Les administrations Biden et Trump ont adopté deux visions radicalement différentes, qui s’inscrivent dans un débat de longue date entre associations et acteurs du camionnage aux États-Unis.
Le secrétaire américain aux Transports, Sean Duffy, a annoncé vendredi dernier ce qui est présenté comme l’une des mesures les plus marquantes du ministère en matière de camionnage depuis des décennies.
En vertu d’une règle finale adoptée dans des « circonstances d’urgence », près de 200,000 conducteurs titulaires d’un permis de conduire commercial (CDL) non domicilié pourraient être amené à quitter l’industrie.
Cette décision fait suite à plusieurs accidents mortels liés, selon les autorités, à des failles dans les agences d’émission de permis CDL de plusieurs états.
Lors de la conférence de presse, Duffy a rejeté l’idée qu’une telle mesure mettrait en péril l’approvisionnement du pays. Selon lui, les États-Unis disposent d’assez de conducteurs, citoyens du pays, pour assurer le transport des marchandises. « Nous avons des chauffeurs américains prêts à prendre ces charges », a-t-il insisté, ajoutant que l’objectif est en premier lieu de garantir que ceux qui prennent le volant soient formés, qualifiés et en règle.
Cette sortie relance le débat autour de la « pénurie de chauffeurs », un concept largement défendu par l’American Trucking Associations (ATA) depuis plusieurs années. Si l’ATA estimait encore en 2023 que l’industrie manquait de 60,000 conducteurs, elle reconnait désormais que la récession qui pèse sur le transport a réduit l’impact de ce déficit. En parallèle, l’Owner-Operator Independent Drivers Association (OOIDA), qui conteste depuis longtemps la thèse de la pénurie, se félicite de voir le DOT durcir les règles d’accès.
En définitive, la « pénurie de chauffeurs » n’a peut-être pas disparu, mais elle recule. Avec un marché déjà en surplus de chauffeurs et maintenant le retrait de milliers de conducteurs non citoyens, l’idée de pénurie de main-d’œuvre dans le camionnage perd beaucoup de crédibilité après plus de 20 ans de débats. Selon Duffy, la priorité reste claire, c’est la sécurité des routes et la légalité des permis doivent primer sur tout argument économique.

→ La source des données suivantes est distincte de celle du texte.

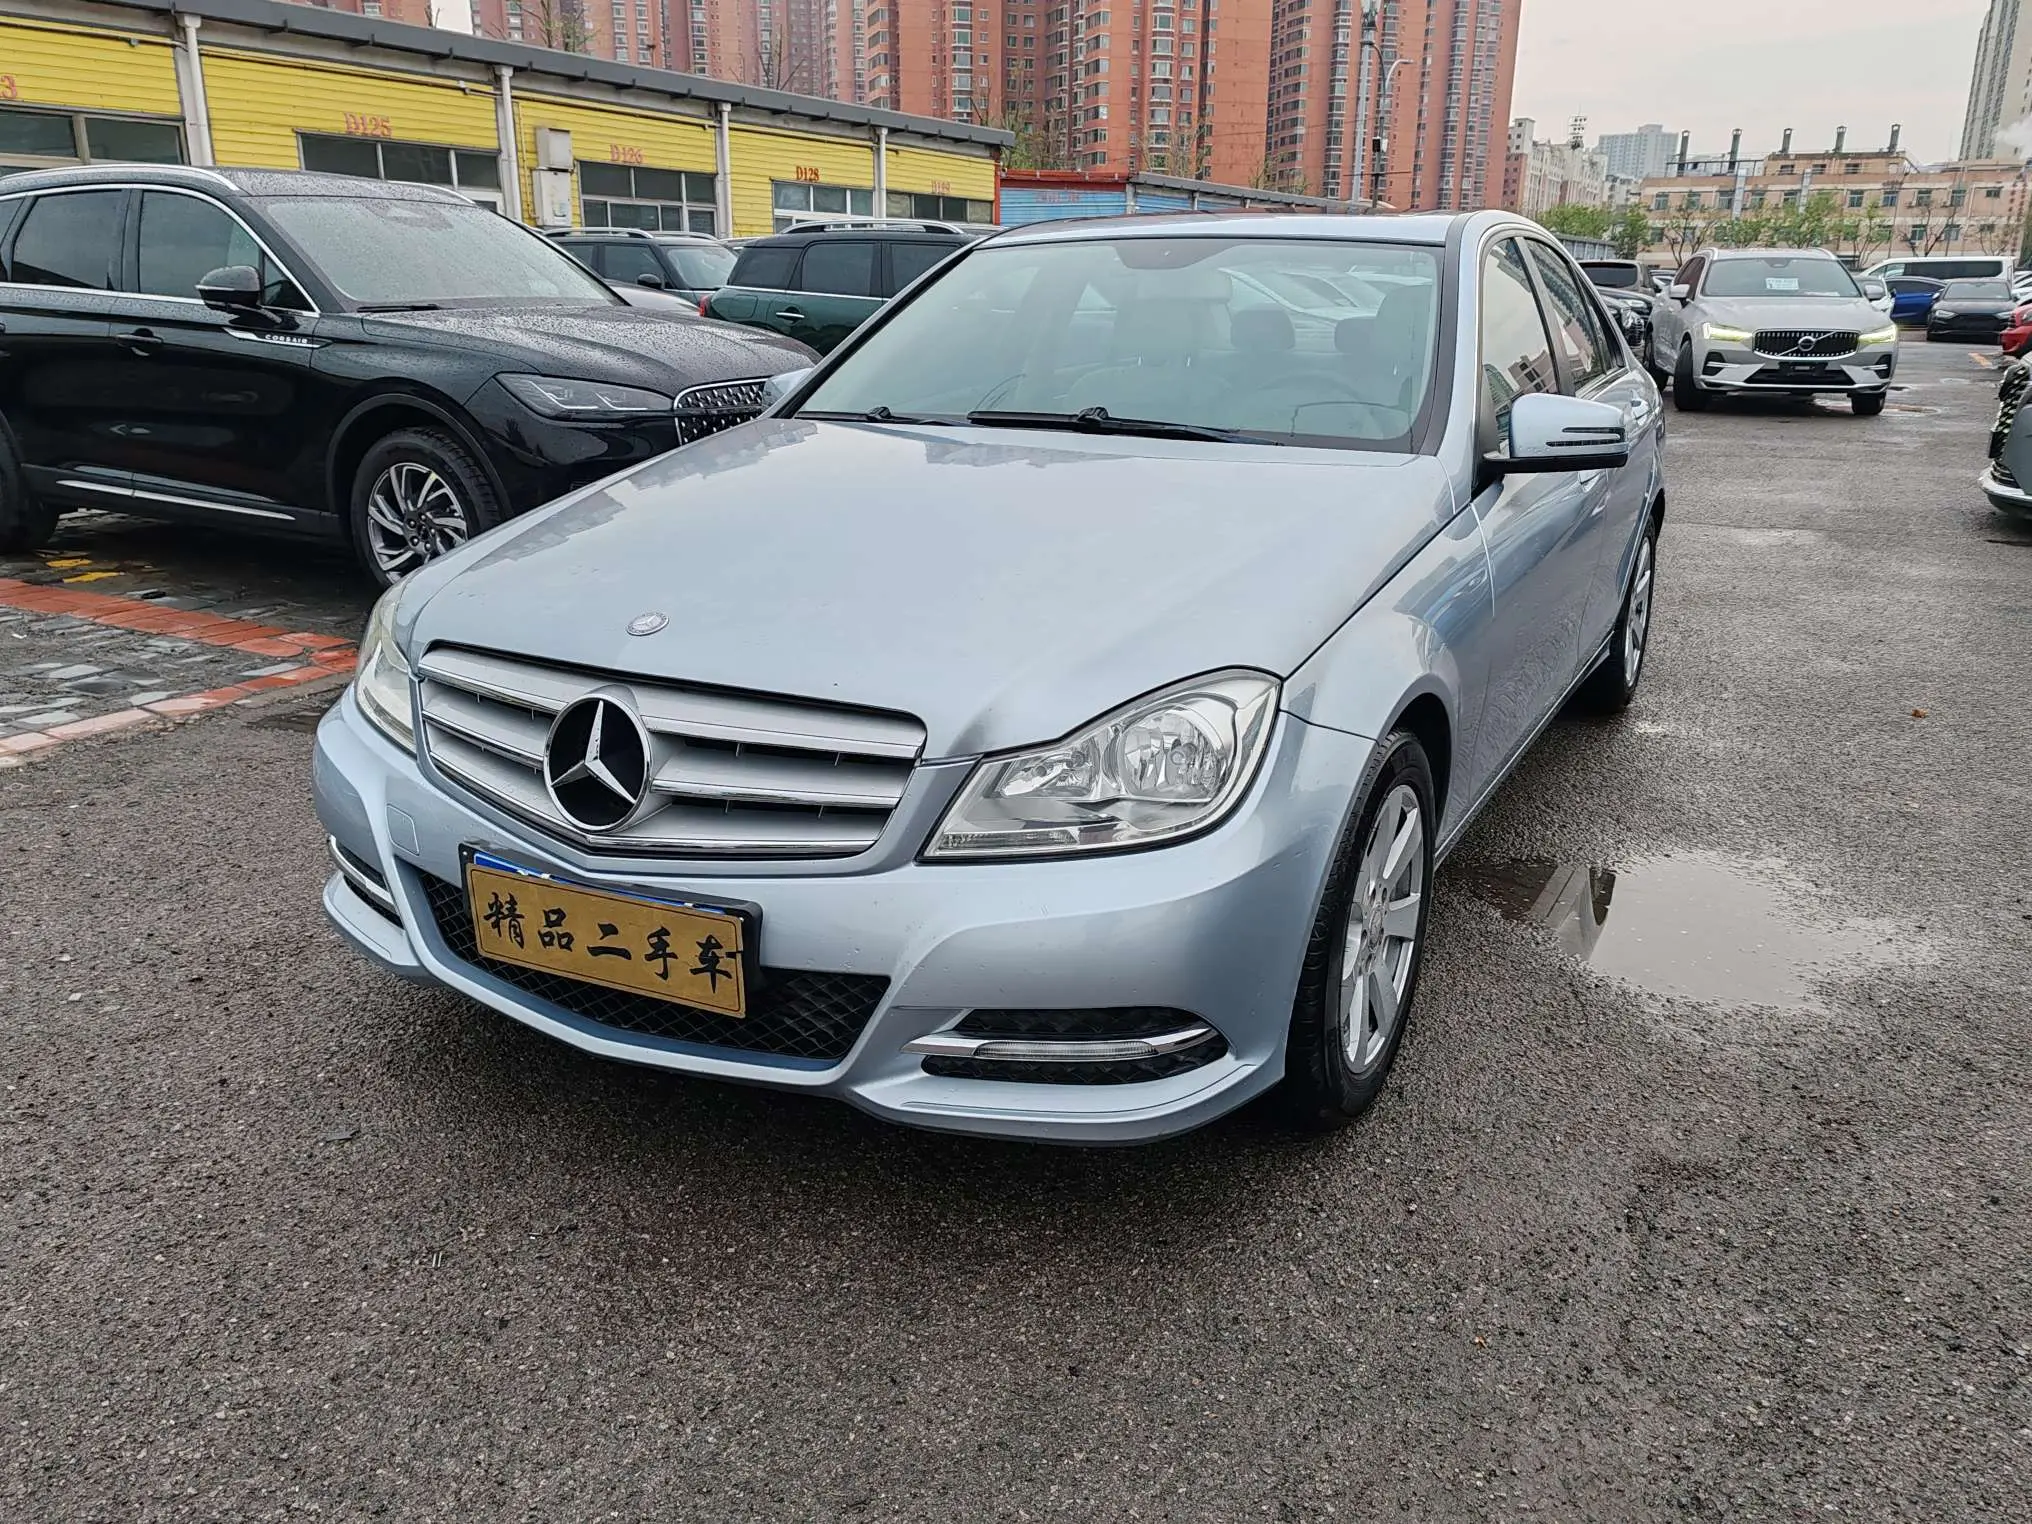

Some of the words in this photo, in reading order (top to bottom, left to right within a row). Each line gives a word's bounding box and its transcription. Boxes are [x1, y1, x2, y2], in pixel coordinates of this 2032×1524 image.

Biden vs Trump : deux visions du camionnage
Le Biden-Harris Trucking Action Plan, lancé en décembre 2021 après le mandat Trump, visait à éviter un effondrement de la chaine d’approvisionnement en pleine pandémie. Même sans employer directement le terme de « pénurie de chauffeurs », cette idée dominait les discussions, selon Raman Dhillon, président de la North American Punjabi Trucking Association. Biden misait sur un assouplissement et une accélération de la délivrance des permis, alors que la nouvelle règle de Trump et Sean Duffy privilégie au contraire la restriction et l’expulsion de conducteurs non citoyens.
Cet assouplissement avait permis d’augmenter la cadence. En 2021, les États-Unis délivraient environ 50,000 CDLs par mois, soit 20% de plus qu’en 2019. Entre janvier 2021 et le printemps 2022, plus de 876,000 permis ont été émis, et en janvier-février 2022, le volume avait plus que doublé (+112%) par rapport à l’année précédente.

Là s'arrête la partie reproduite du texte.